→ **What is needed**:
Please give all of the data again, character for character, and drop the pictures.

→ **Stored data**:
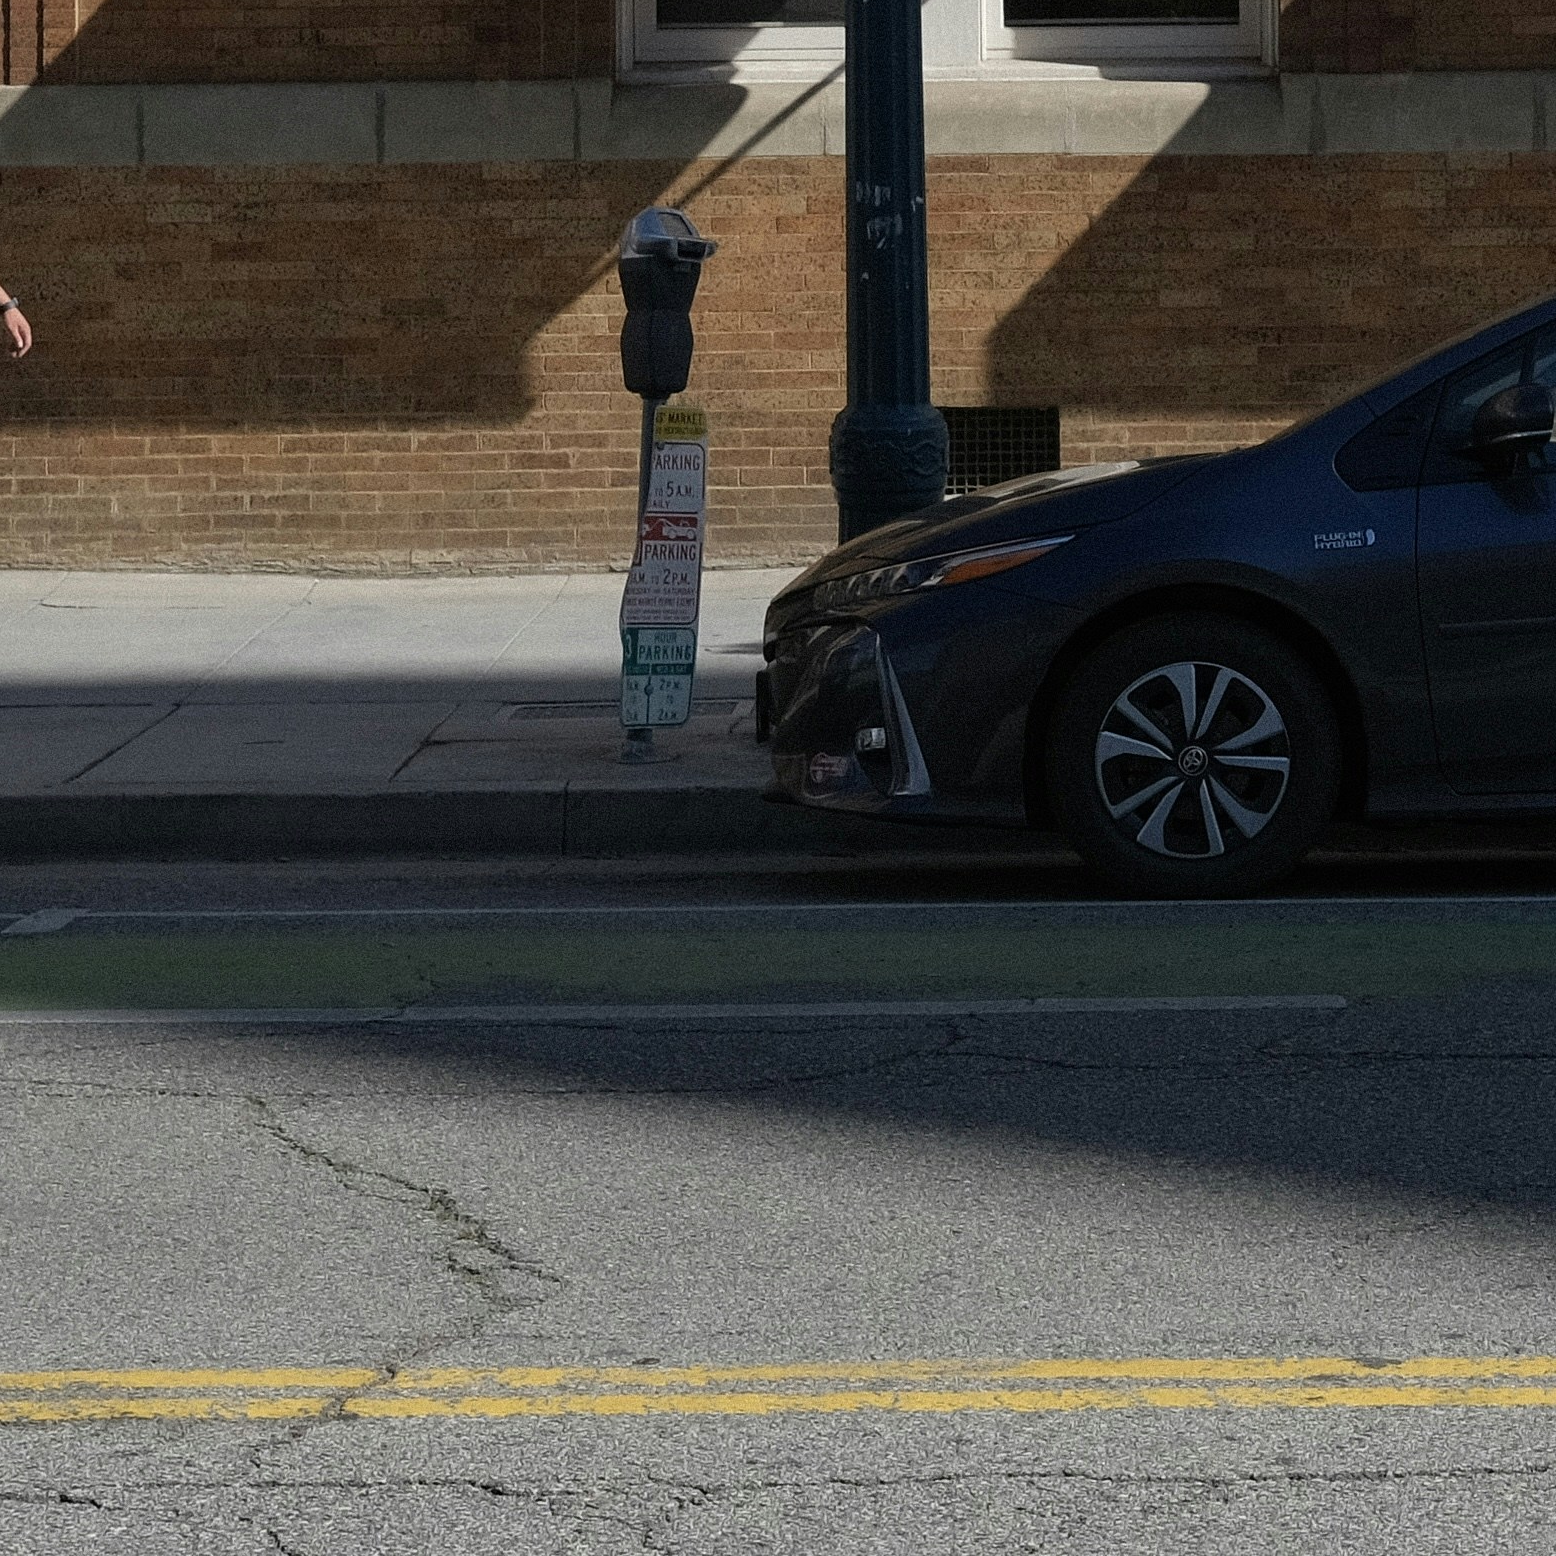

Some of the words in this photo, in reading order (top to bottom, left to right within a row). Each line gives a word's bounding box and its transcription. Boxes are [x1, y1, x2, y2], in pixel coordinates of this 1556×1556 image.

[668, 411, 703, 425] MARKET
[653, 454, 701, 471] ARKING
[1314, 539, 1362, 549] HYBRID
[644, 544, 697, 561] PARKING
[654, 631, 677, 644] HOUR
[638, 645, 692, 661] PARKING

→ **Exercise response**:
Some of the words in this photo, in reading order (top to bottom, left to right within a row). Each line gives a word's bounding box and its transcription. Boxes are [x1, y1, x2, y2], in pixel coordinates of this 1556×1556 image.

[668, 411, 703, 425] MARKET
[653, 454, 701, 471] ARKING
[1314, 539, 1362, 549] HYBRID
[644, 544, 697, 561] PARKING
[654, 631, 677, 644] HOUR
[638, 645, 692, 661] PARKING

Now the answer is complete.